Dieci città italiane, custodi di patrimoni storici e aspirazioni culturali, si contendono il prestigioso titolo di Capitale Italiana della Cultura 2028.
La giuria, dopo un’attenta valutazione dei progetti presentati, ha decretato le finaliste, aprendo un capitolo entusiasmante nel percorso verso la designazione della vincitrice.
Le candidature selezionate rappresentano una geografia variegata e stimolante, che abbraccia il centro-sud della penisola, ciascuna con una visione unica e ambiziosa per il futuro culturale del paese.
Anagni, con il suo motto “Hernica Saxa.
Dove la storia lega, la cultura unisce”, evoca il legame indissolubile tra passato e presente, proponendo un percorso di riscoperta e valorizzazione del patrimonio storico-artistico locale.
Ancona, con “Questo adesso”, invita a riflettere sulla contemporaneità, sul ruolo dell’arte come motore di cambiamento sociale e come strumento di dialogo interculturale.

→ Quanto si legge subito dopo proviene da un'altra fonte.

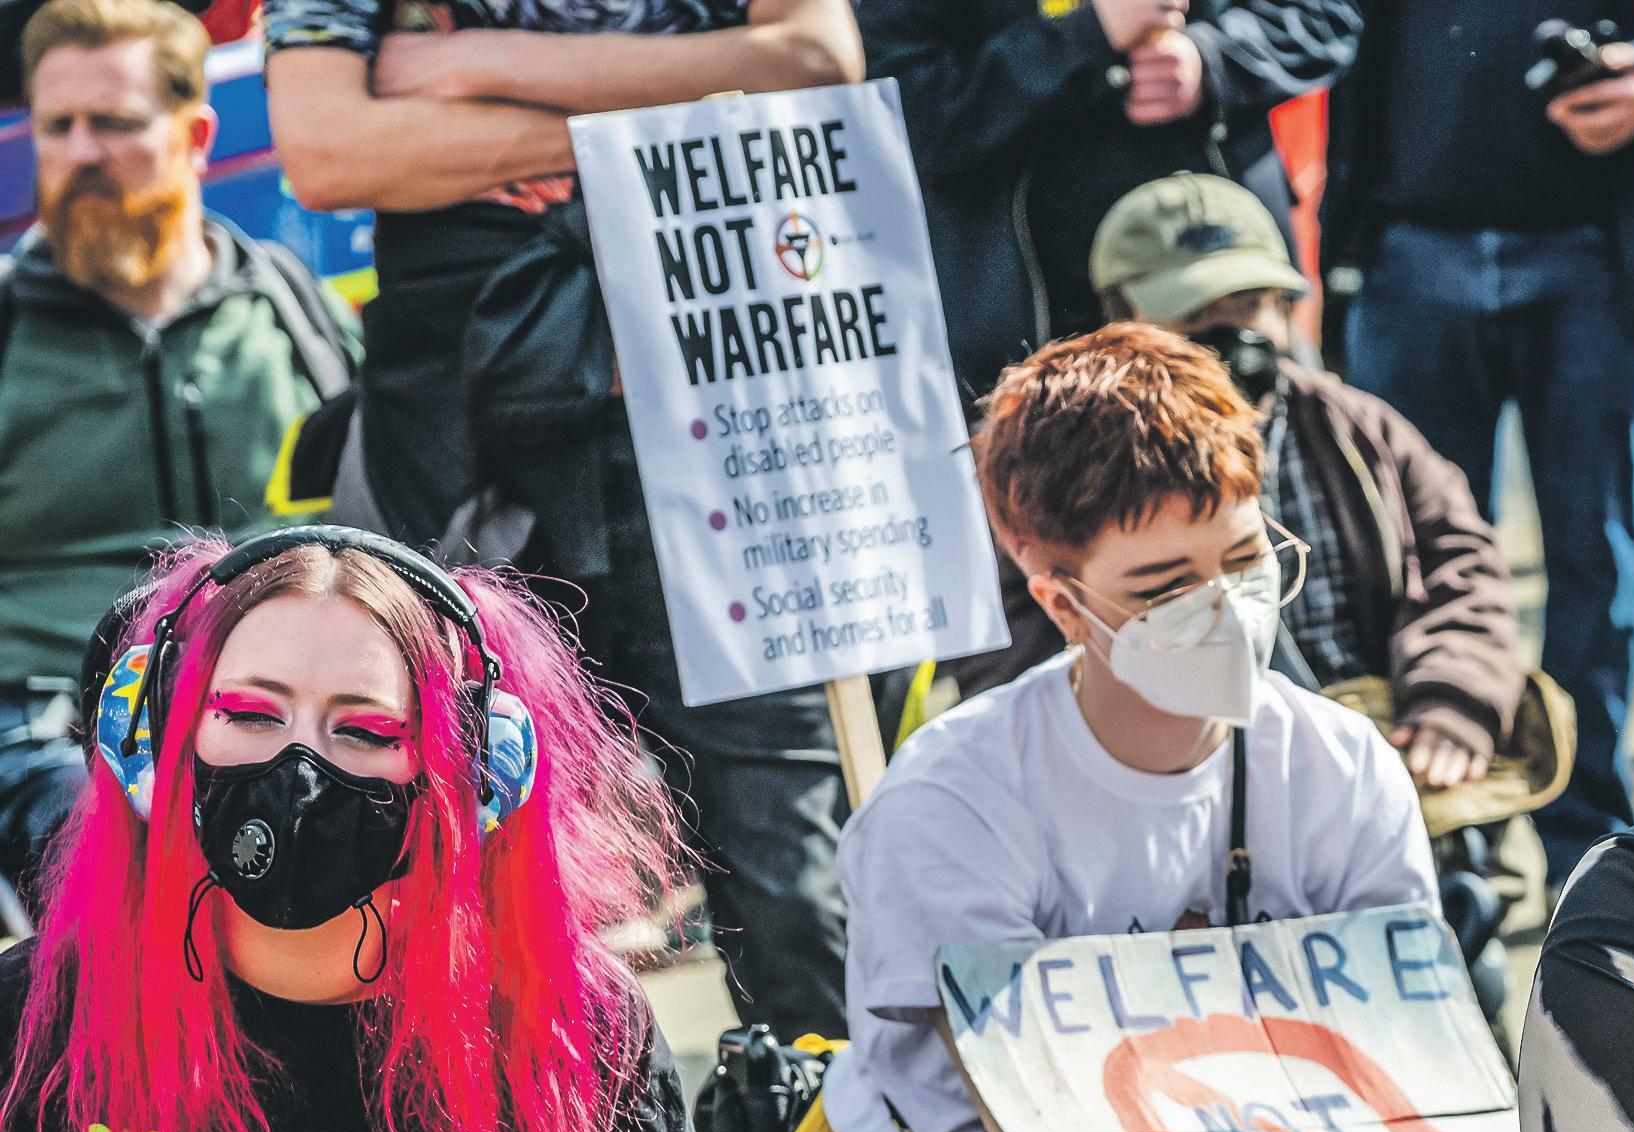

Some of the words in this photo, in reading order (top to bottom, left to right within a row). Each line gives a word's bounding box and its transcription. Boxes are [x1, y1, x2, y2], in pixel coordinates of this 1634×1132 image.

[634, 120, 858, 217] WELFARE
[654, 216, 759, 302] NOT
[671, 284, 897, 385] WARFARE
[714, 404, 770, 439] Stop
[777, 386, 854, 426] attacks
[857, 388, 885, 412] on
[724, 431, 824, 479] disabled
[828, 428, 896, 464] people
[733, 495, 770, 528] No
[772, 482, 865, 521] increase
[866, 476, 890, 504] in
[743, 531, 831, 569] military
[836, 514, 932, 553] spending
[752, 576, 824, 619] Social
[829, 566, 909, 606] security
[763, 622, 804, 661] and
[809, 619, 884, 651] homes
[887, 605, 917, 636] for
[921, 595, 949, 630] all
[942, 918, 1450, 1039] WELFARE

Catania, vibrante città siciliana, si presenta con “Catania continua”, un progetto che punta a celebrare l’identità locale, la resilienza della comunità e la sua capacità di innovazione.
Colle di Val d’Elsa, in Toscana, con “Colle28.
Per tutti, dappertutto”, aspira a diventare un laboratorio di creatività, aperto a tutte le forme d’espressione artistica e a tutte le generazioni.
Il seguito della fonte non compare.